A crisis actor ( actor-patient or actor victim) is a trained actor, role player, volunteer, or other person engaged to portray a disaster victim during emergency drills to train first responders such as police, firefighters or EMT personnel. Crisis actors are used to create high-fidelity simulations of disasters in order to allow first responders to practice their skills and help emergency services to prepare and train in realistic scenarios as part of full-scale disaster exercises.

The term has been taken up and used by conspiracy theorists who claim that some mass shootings and other terror events are staged for the advancement of various political objectives, such as to advance gun control measures.

== Disaster training simulations ==
Actors take on the role of mock victims and simulate specific injuries from a disaster to add life-like realism to an emergency exercise. Theatrical makeup and cosmetics, plus rubber and latex appliances, are often used to simulate a variety of wounds or medical conditions that realistically portray victim's injuries, a practice known as medical moulage.

Actors who portray news reporters, relatives of victims, and concerned citizens are also used during drills to train emergency operations center personnel to cope with a variety of emotionally-charged demands and requests.

== Conspiracy theories and defamation ==
In the United States, the term has been used by conspiracy theorists who claim that some mass shootings and other terror events are staged for the advancement of various political objectives such as to advance gun control measures. Conspiracy theorists' use of the term is thought to have originated in 2012, when a blog post by former professor and conspiracy theorist James Tracy suggested that the government could have hired an acting agency named Visionbox to help stage the Sandy Hook Elementary School shooting. Visionbox offered dramatic training "in criminal and victim behavior" to actors intended to help "bring intense realism to simulated mass casualty incidents in public places".

Tracy also promoted a crisis actor conspiracy theory of the Boston Marathon bombing. Conspiracy theorists have falsely claimed such attacks are "false flag operations" staged by conspirators, usually government or corporate forces, in order to achieve some goal such as justifying increased government surveillance, disarmament of the population, or military action against blamed nations or groups. Crisis actors are claimed in this context to play the part of bystanders or witnesses, emergency response personnel, and (with the aid of stage makeup) wounded victims of the attack.

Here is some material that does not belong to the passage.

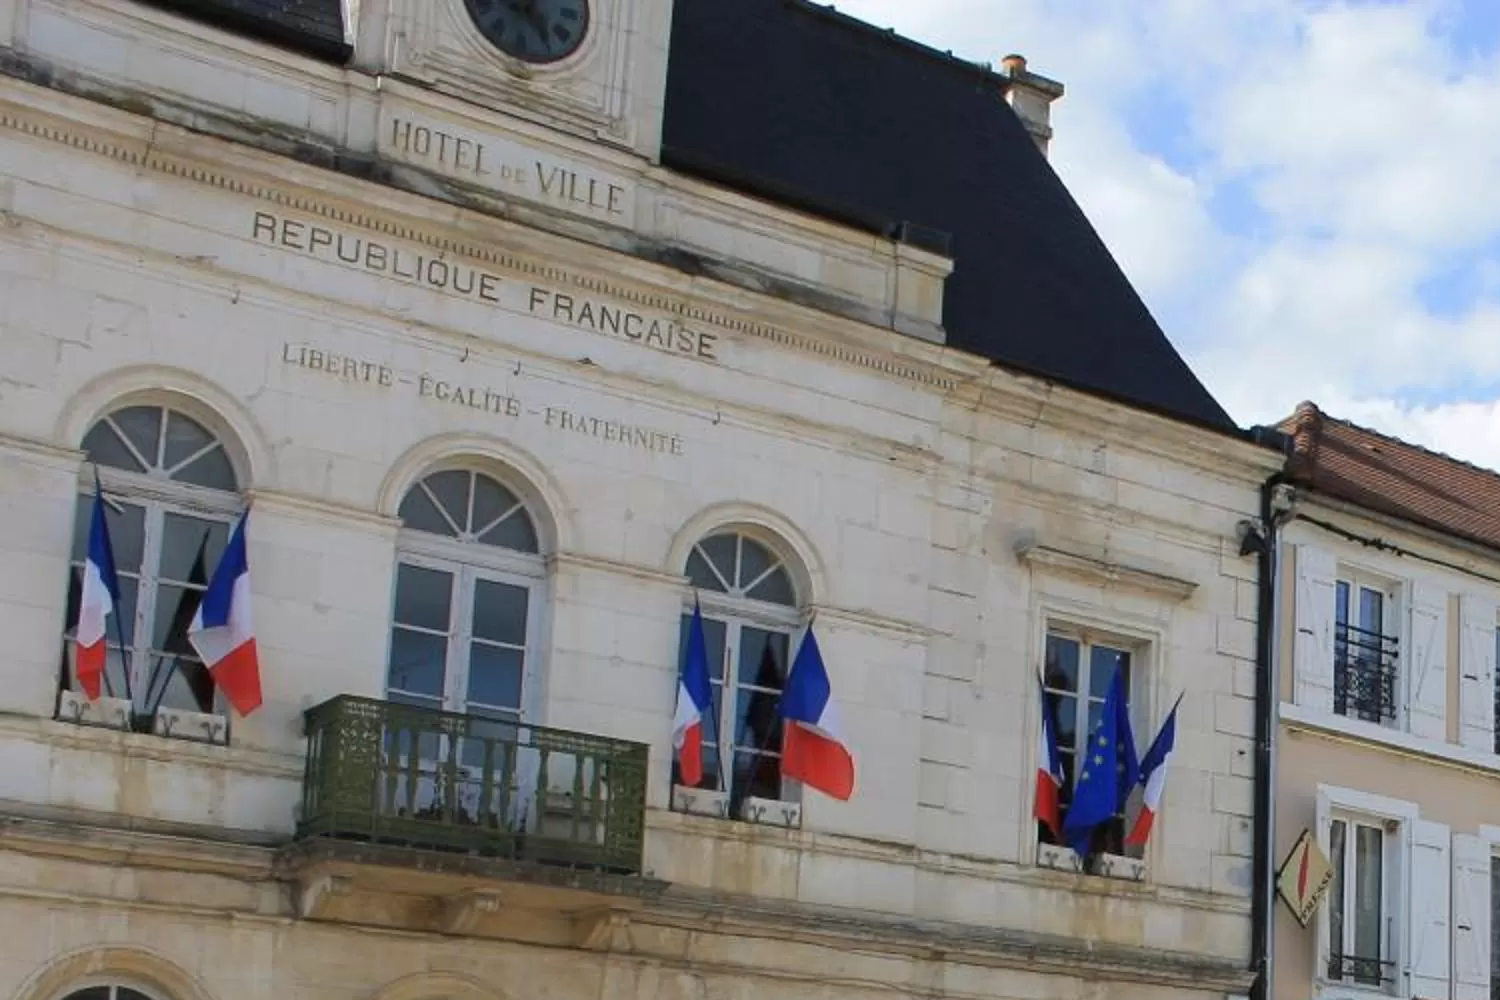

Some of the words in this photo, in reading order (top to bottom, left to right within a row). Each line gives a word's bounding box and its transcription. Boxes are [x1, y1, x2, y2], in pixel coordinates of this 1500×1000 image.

[392, 118, 491, 176] HOTEL
[535, 161, 624, 215] VILLE
[253, 211, 502, 302] REPUBLIQUE

Advocates of the conspiracy theory include Alex Jones and outlets such as True Pundit. In April 2018, the parents of two children killed in the Sandy Hook shooting launched a lawsuit against Jones for defamation "accusing him and his website InfoWars of engaging in a campaign of 'false, cruel, and dangerous assertions'". In November 2021, Jones was found liable by default after failing to provide documents to the court and announced he would appeal the decision. In August 2022, the Heslin v. Jones jury ordered that Jones pay $4.1M in compensatory damages and $45.2M in punitive damages. During the trial, Jones admitted that the Sandy Hook shooting was "100% real", and he agreed with his own attorney that it was "absolutely irresponsible" to push falsehoods about the shooting and its victims.

During the Gaza war, accusations of victims on both sides of the war being "crisis actors" have circulated on social media.